Neurosis-like syndrome in patients with primary hypothyroidism was practically obligatory. Patients in most cases complained of mild irritability, tearfulness, emotional lability. In the majority of patients with primary hypothyroidism, regardless of its cause and severity, there was a high personal anxiety, and the reactive one was moderate. One of the features of neurosis-like syndrome in primary hypothyroidism is the prevalence of its manifestations in patients with autoimmune thyroiditis and in patients with subclinical hypothyroidism.
Keywords: autoimmune thyroiditis, subclinical hypothyroidism
Introduction.
The prevalence of hypothyroidism in the population can reach 21% [1, 2, 8, 10]. This allows to consider hypothyroidism one of the most common endocrine diseases. Its high prevalence, involvement in the pathological process of all systems and organs with no exception, the polymorphism of the clinical picture along with sufficiently nonspecific symptoms stipulate the great medical and social importance of the problem of early diagnostics and elimination of hypothyroidism [3, 4, 6, 9].
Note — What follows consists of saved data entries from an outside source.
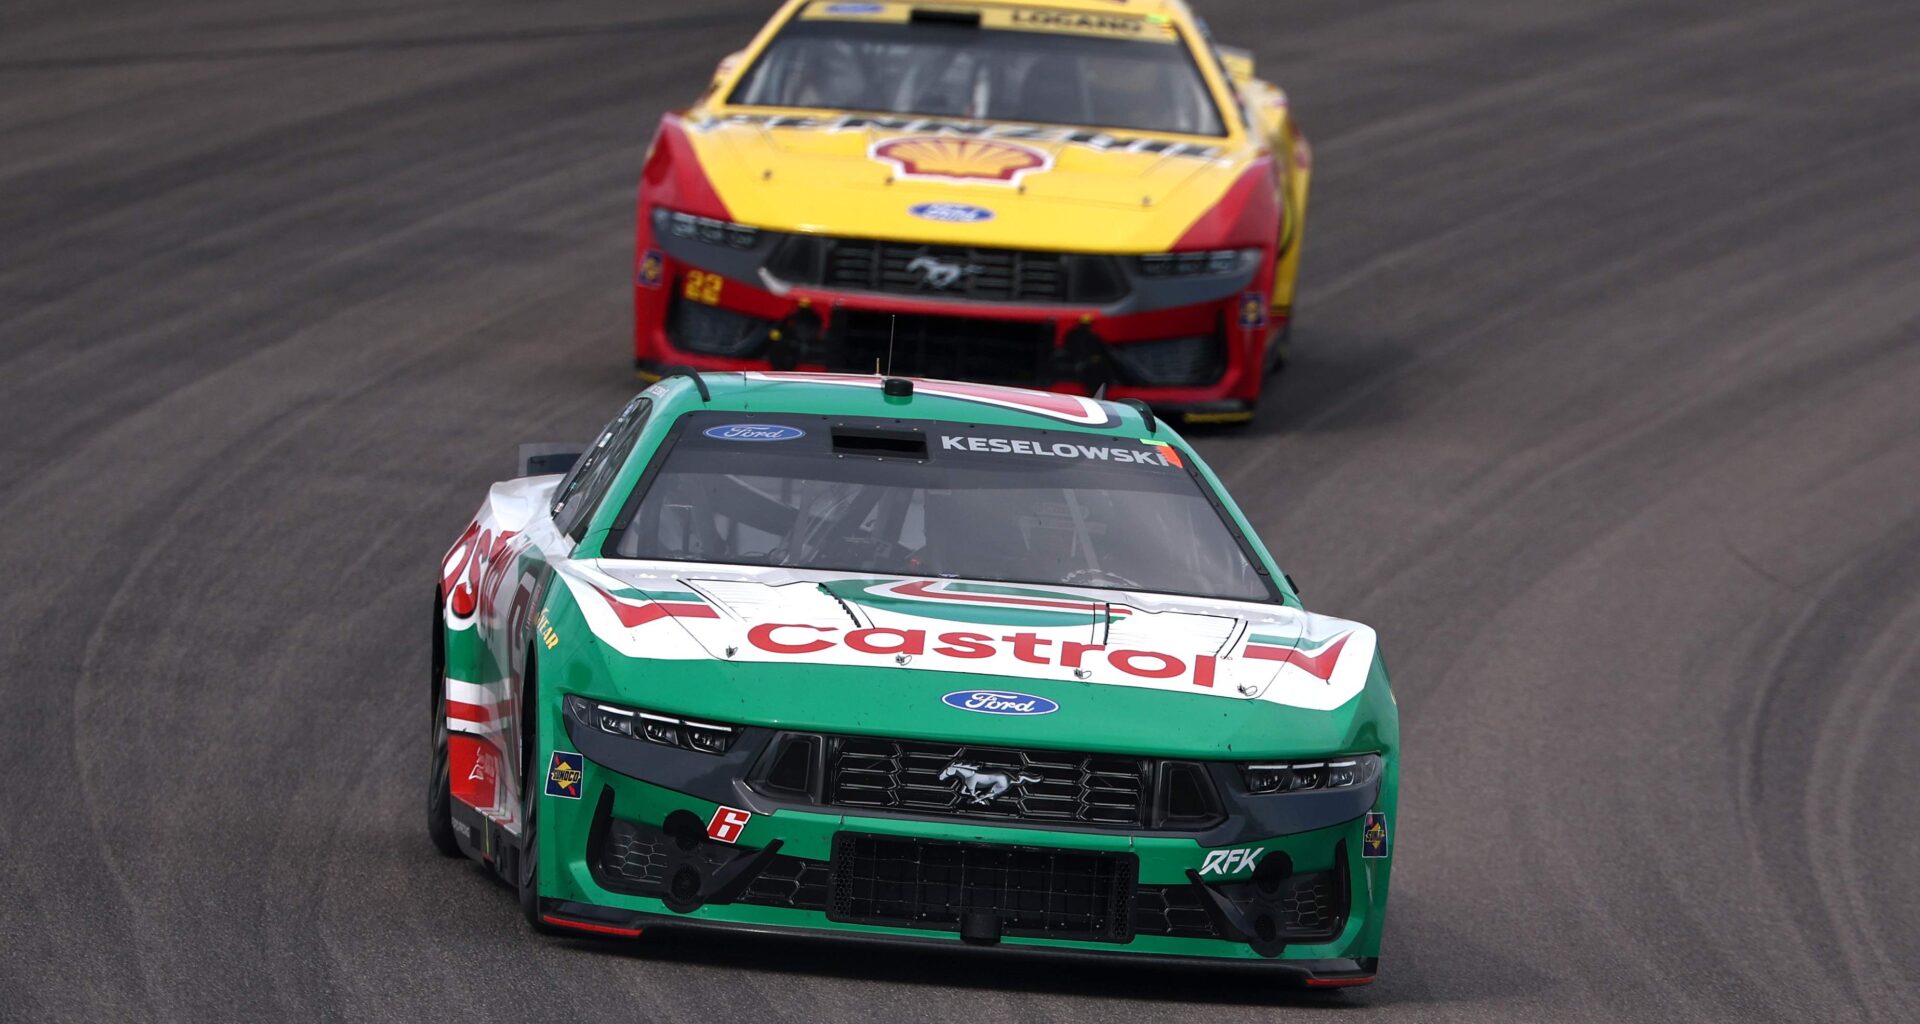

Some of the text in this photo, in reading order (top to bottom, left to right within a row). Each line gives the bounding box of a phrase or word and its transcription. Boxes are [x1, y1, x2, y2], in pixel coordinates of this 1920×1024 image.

[686, 270, 723, 304] 22
[941, 435, 1170, 467] KESELOWSKI
[747, 622, 1217, 688] Castrol
[553, 769, 580, 782] SUNOCO
[707, 806, 751, 843] 6
[1198, 847, 1264, 875] RFK
Hormones of the thyroid gland regulate all types of metabolism in the body, affect the cells, and stimulate tissue respiration. Consequently, even a small deficiency of thyroid hormones in the body causes serious, sometimes irreversible disorders. In recent years, the frequency of thyroid abnormalities has increased throughout the world. Psychoneurological disorders, which are the result of hypothyroid encephalopathy, are the most common disorders of the nervous system in adult patients with hypothyroidism. Acute suppression of energetic and anabolic processes in the brain contributes to the formation of organic damage to the nervous system. Slowness of thinking, retardation, drowsiness, memory loss is found in many patients, and the degree of these disorders depends on the reduction of thyroid gland function [5, 12, 15]. The development of cretinism in children, which manifests itself as a delay in psychoneurological and physical growth is the most severe complication of hypothyroidism. Psychoneurological disorders in children suffering
from congenital hypothyroidism are far from having a constant tendency to reverse development, even with the early administration of the substitution therapy. This is due to the significant influence of thyroid hormones during the period of the prenatal development of the nervous system and to the inability to eliminate the defect in newborn infants.
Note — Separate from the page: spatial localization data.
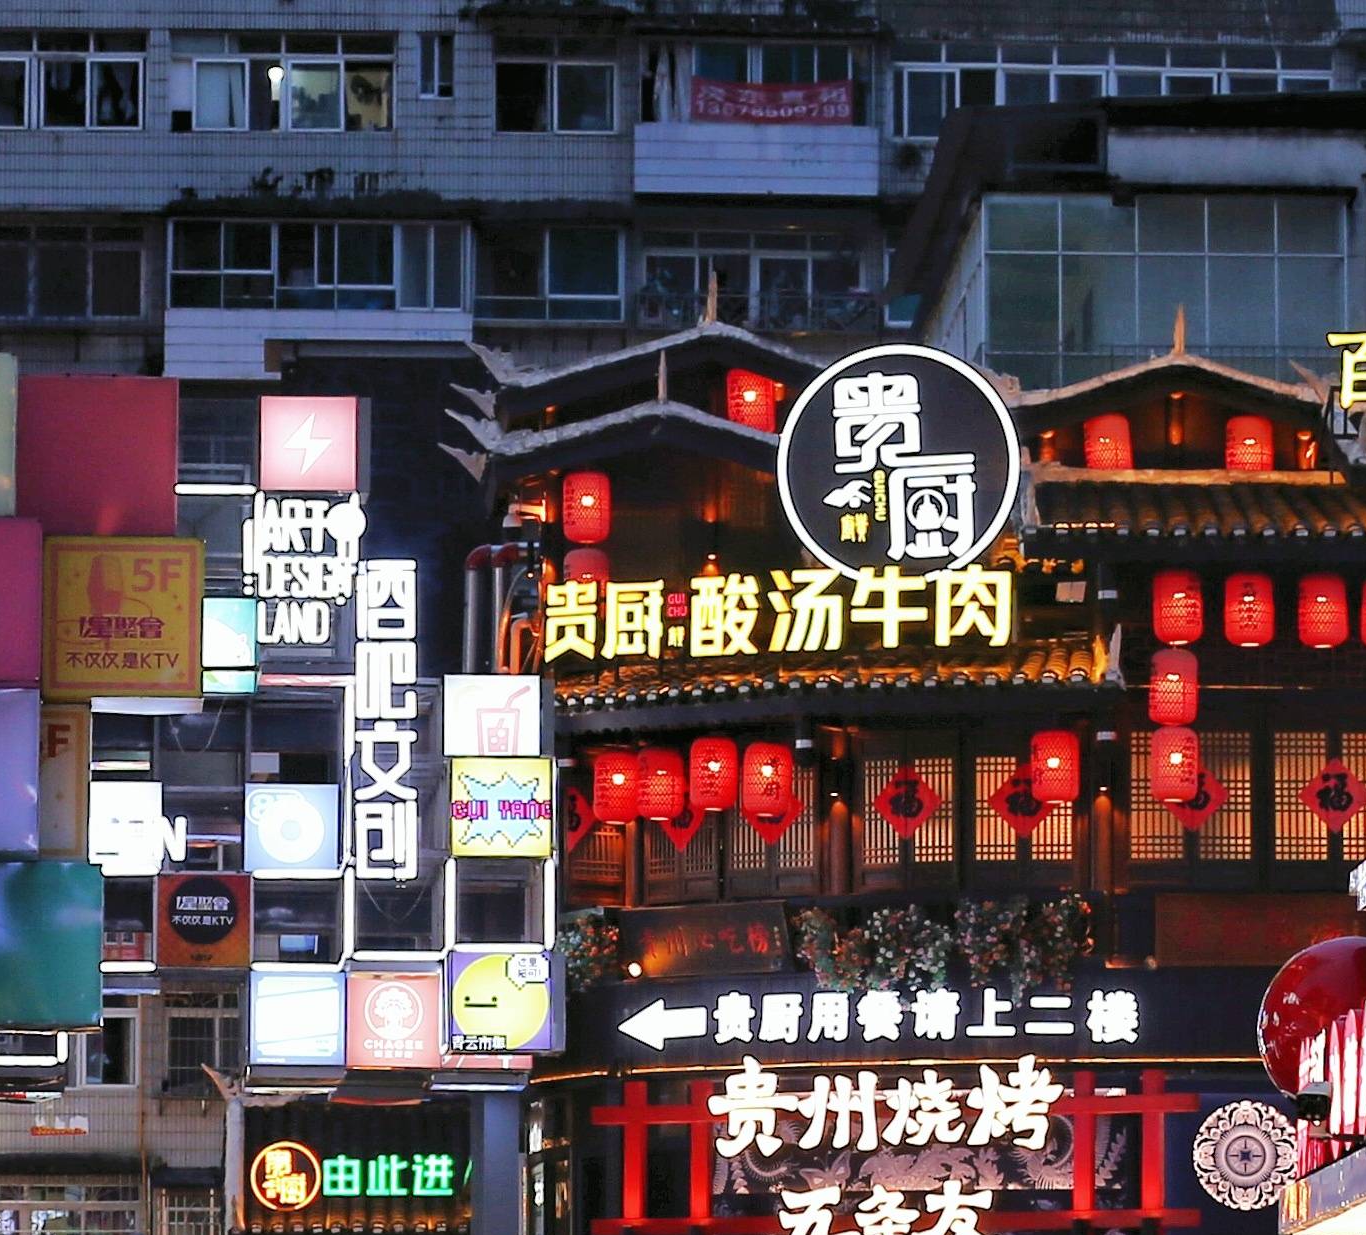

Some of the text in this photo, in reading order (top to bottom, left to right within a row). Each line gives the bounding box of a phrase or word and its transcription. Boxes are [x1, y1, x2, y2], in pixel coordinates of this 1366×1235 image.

[263, 498, 330, 553] ART
[132, 558, 183, 592] 5F
[256, 600, 332, 645] LAND
[544, 564, 1014, 664] 贵厨 酸汤牛肉
[66, 651, 180, 669] 不仅仅是KTV
[40, 724, 71, 758] F
[355, 558, 419, 880] 酒吧文创
[713, 988, 1141, 1044] 贵厨用餐请上二楼
[708, 1054, 1064, 1158] 贵州烧烤
[322, 1154, 454, 1197] 由此进
Chronic hypothyroid encephalopathy is most often manifested by emotional disturbances. The brain is very sensitive to a deficiency of thyroid hormones in the body. It manifests itself in a depressed mood, a feeling of sorrow and severe depression [7, 11, 14, 15].
Asthenia, neurosis-like states, insomnia are frequent companions of hypothyroidism as well. So-called "sleep apnea", associated with soft tissue edema of the neck and vocal cords is common, manifesting itself by numerous episodes of respiratory arrest for more than 10 seconds, which is often accompanied by snoring.
The aim of the study. To identify the clinical features of the central nervous system in patients with sub-clinical and clinically expressed hypothyroidism against the background of autoimmune thyroiditis and postoperative hypothyroidism. Materials and methods. Patients with neurological disorders secondary to endocrine pathology. Methods: clinical-neurological and psychodiagnostic ones. In order to determine the peculiarities of cognitive functions, we used the MMSE test (Mini Mental State Examination), methods of evaluation of attention on the Schultz tables modified by Horbova F.D. and memory was tested by "Memorizing 10 words" (by Luria A.R.). To assess the personal and
reactive anxiety, the Spielberger State-Trait Anxiety Inventory scale, adapted by Hanin Yu.L., and the degree of depressive disorders was determined by the Beck A.T. scale.
The study involved 56 patients with hypothyroidism as a result of AIT (autoimmune thyroiditis) and 20 patients with postoperative hypothyroidism. The control group consisted of 20 practically healthy persons. 58 (76,3%) of patients were on substitution therapy using synthetic derivatives of L-thyroxin, and 18 (23,7%) patients had subclinical hypothyroidism. We used clinical-neurological and electrophysiological examination of patients.
Research results discussion
The symptoms of hypothyroidism were detected in all patients during the clinical examination: memory impairment, decreased ability to work, fast fatigability, sleep disturbances, swelling of the face and extremities, recurrent pain in the region of the heart. Patients with hypothyroidism complained of headache, dizziness, instability while walking, noise and tinnitus in the ears and head, periodic loss of vision and hearing, increased blood pressure, emotional instability, decreased emotional background.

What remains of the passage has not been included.